Coq. You are greatly mistaken, Sir; he is more of a gentleman.

Merc. A captivating fellow, I dare engage.

Coq. The prettiest preacher in the world; for

When he speaks, what elocution flows!
Soft as the fleeces of descending snows,
The copious accents fall with easy art;
Melting they fall and sink into the heart!

O, he is a dear, sweet creature, I assure you.
Merc. You speak in raptures, young lady; I begin
to suspect you are in love with him.

Coq. It is really an abominable thing that one can never speak in praise of any one to any one, but one is immediately supposed to be in love. Love! I detest the very name.

Mer. But, as your preacher is so very refined, you, I presume, are the same

Devoutly thus Jehovah they depose,

The pure! the just! and set up in his stead

A deity that's perfectly well-bred.

Such is the character and conduct of the woman of fashion, as described by the poets; you maintain that character, without a doubt?

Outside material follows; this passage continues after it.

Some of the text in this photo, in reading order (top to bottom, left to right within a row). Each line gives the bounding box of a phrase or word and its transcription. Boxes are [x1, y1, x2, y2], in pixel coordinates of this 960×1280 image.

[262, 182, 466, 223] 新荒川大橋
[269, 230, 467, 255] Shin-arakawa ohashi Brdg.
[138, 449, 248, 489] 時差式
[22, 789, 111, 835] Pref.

Coq. Assuredly, Sir: I maintain the character of a woman of spirit and taste! and as for beauty

Mer. Hold! hold! you grow extravagant; these selfcommendations are not allowable: besides, you should remember what a celebrated poet of former days has observed on these matters:-"It is not powdering, perfuming, and every day smelling of the tailor, that converteth to a beautiful object; but a mind shining through any suit, which needs no false light, either of riches or honours, to help it."*

Ben Jonson.

Coq. Quote not your coxcombly poets, I entreat; they are nearly as insufferable as the crabbed philosophers themselves; wretches whom the world has long been wise enough to despise.

Mer. I shall say no more. But come, fair lady, the die is cast, we must descend to Elysium without delay; we must hasten to the regions of bliss.

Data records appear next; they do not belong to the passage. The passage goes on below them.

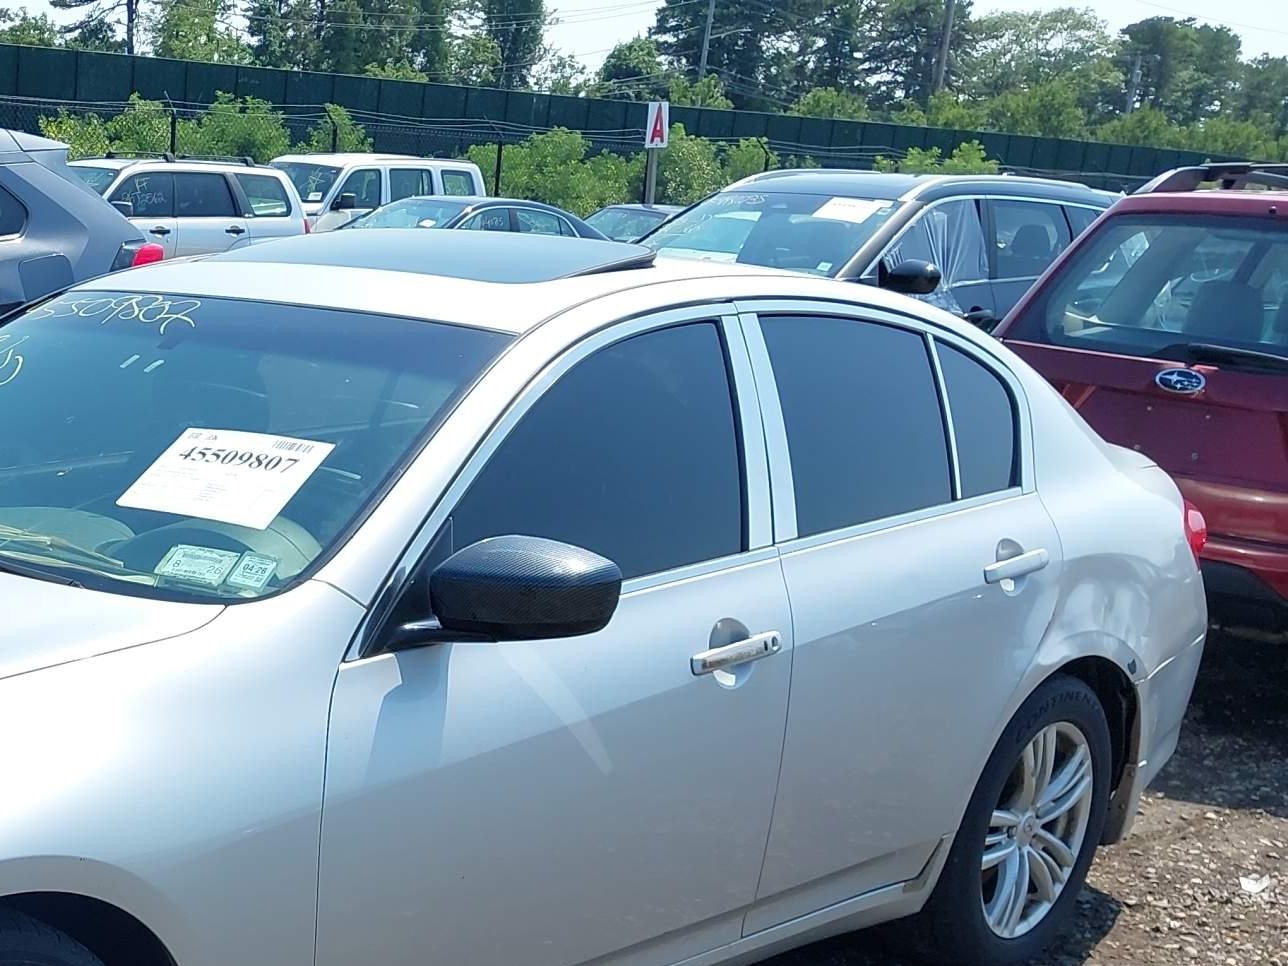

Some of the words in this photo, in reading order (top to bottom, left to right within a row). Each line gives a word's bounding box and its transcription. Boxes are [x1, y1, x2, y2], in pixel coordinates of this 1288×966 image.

[649, 102, 665, 145] A
[178, 446, 300, 473] 45509807
[207, 565, 223, 575] 26
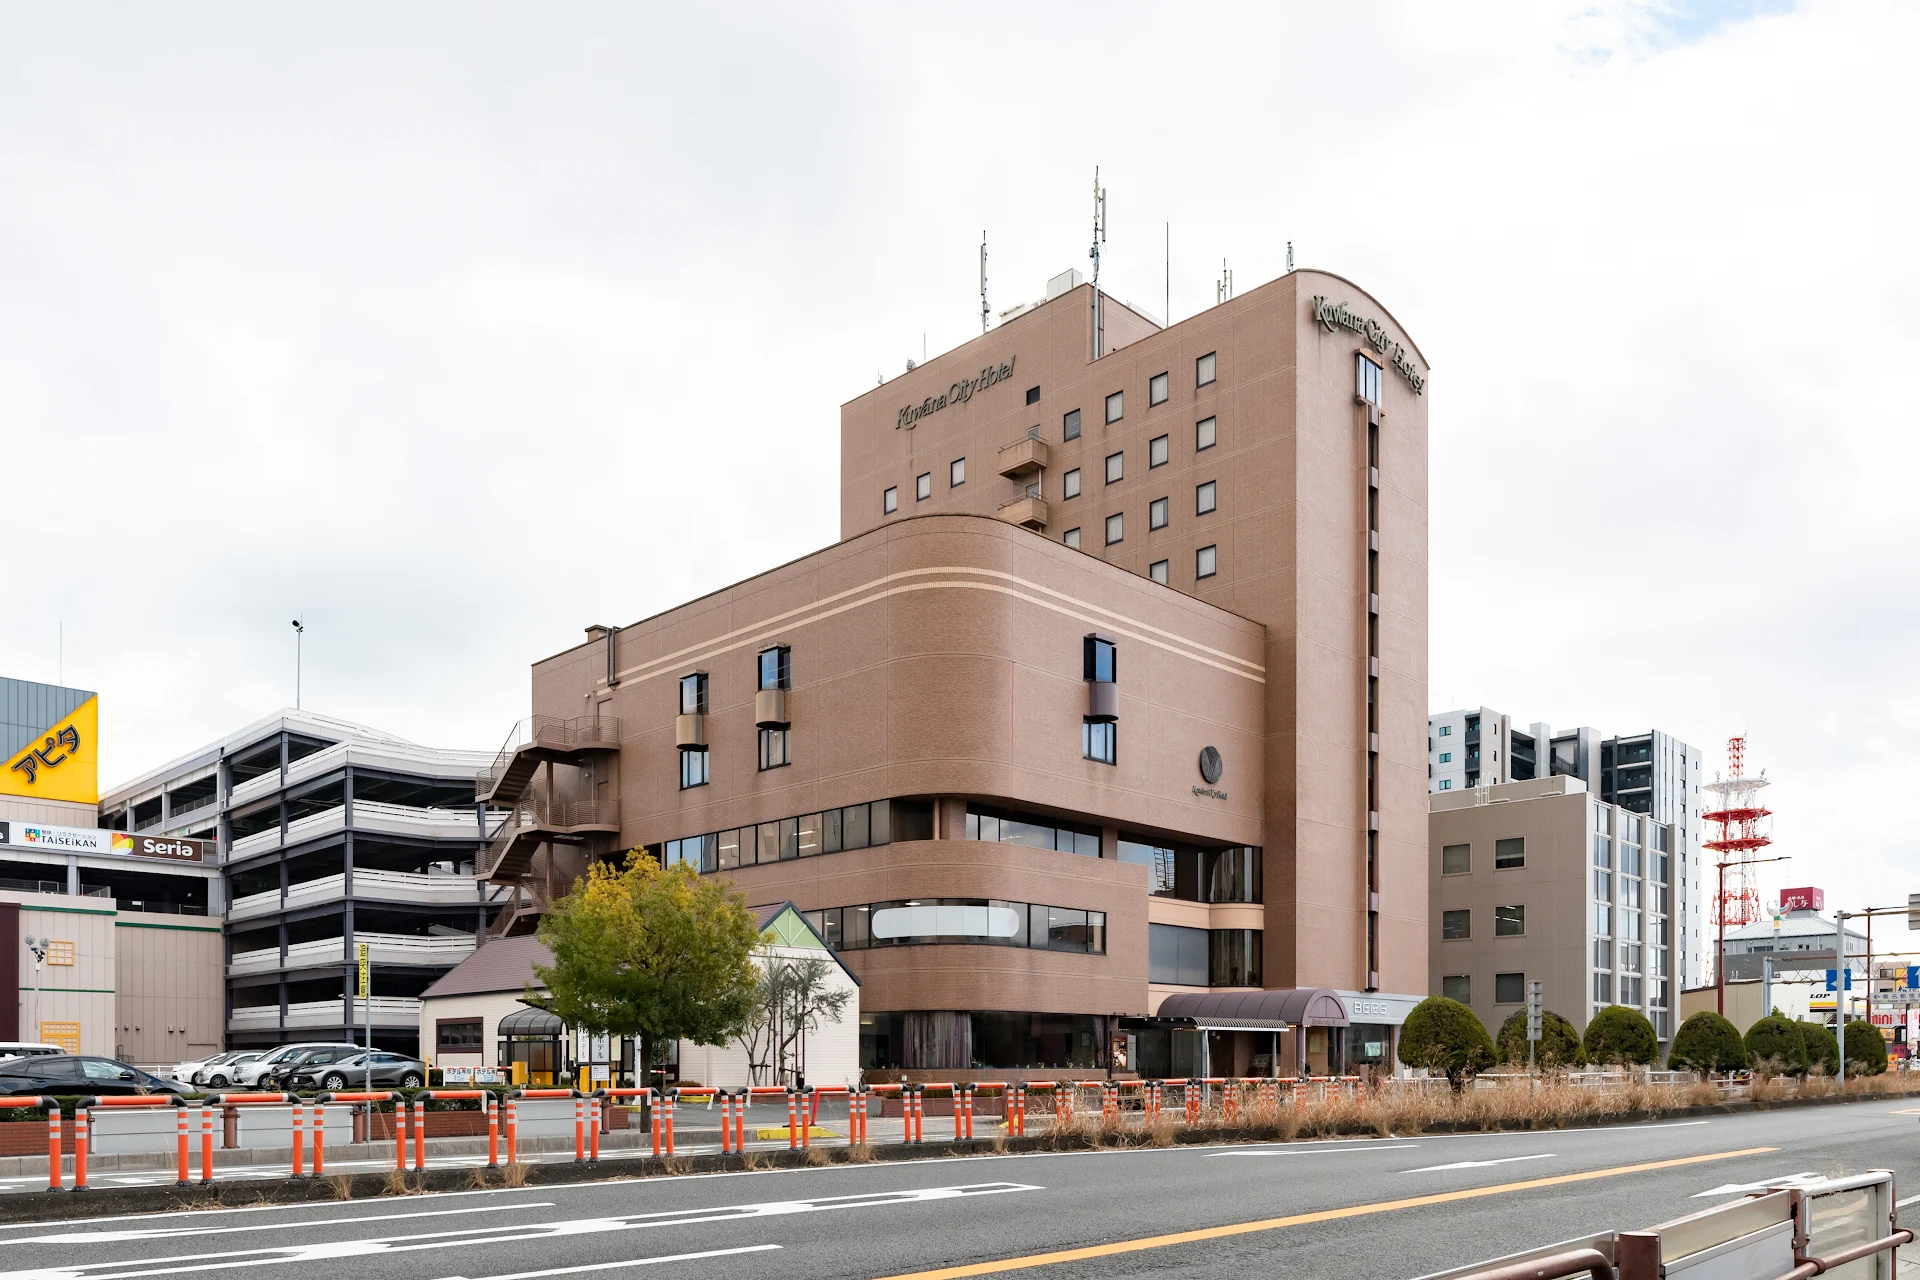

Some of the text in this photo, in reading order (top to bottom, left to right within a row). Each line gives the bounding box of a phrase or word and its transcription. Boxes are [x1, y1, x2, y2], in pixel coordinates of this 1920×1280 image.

[1313, 295, 1425, 396] Kuwana City Hotel
[895, 355, 1016, 431] Kuwana City Hotel
[12, 724, 80, 784] アピタ
[143, 839, 193, 857] Seria
[1354, 1001, 1387, 1015] BERG

Coq. To the regions of bliss! O, Mr. Mercury, with all my heart; quickly, instantly, lead the way.

DIALOGUE VIII.

SCENE-THE ELYSIAN FIELDS.

SCARRON and LA FONTAINE.

Scar. HA! Yonder is that strange, that incomprehensible, creature, La Fontaine. I must have a little conversation with him. What, ho! Monsieur le Faiseur d'Oreilles, for so I think I may call you, from the great attention you commanded by your writings.

La Font. Scarron! good morrow ;-but this is a compliment I never expected from you.

Scar. Prithee, why so? Do you suppose me insensible to the claims of genius and merit?

.

This is supposed to allude to the character of La Fontaine as drawn by M. de la Bruyère-“Quoi dans le monde de plus incompréhensible? Un homme paraît grossier, lourd, stupide; il ne sait pas parler, n'y raconter ce qu'il vient de voir; s'il se met à écrire, c'est le modèle des bons contes; il fait parler les animaux, les pierres, tout ce qui ne parle point: ce n'est que légèreté, qu'élegance, que beau naturel, et que délicatesse, dans ses ouvrages."

See a tale of La Fontaine's, so entitled.

La Font. No;-but were we not contemporaries? And, as we both affected the humorous in our writings, consequently rivals? It is, therefore, highly natural that we should regard each other with an envious and suspicious eye.

Scar. True, it might be natural on earth, indeed. But you should consider, that we are now in the Elysian Fields.

La Font. Here, then, you imagine, we are no longer tormented by evil passions. This, says the poet, is a place where

Envy no more her snaky crest shall rear ;

and so say you. But you were a good deal persecuted in the upper world. Your humour, if I remember right, which shone so conspicuously in most of your performances, was never thoroughly acknowledged till you had descended to the shades.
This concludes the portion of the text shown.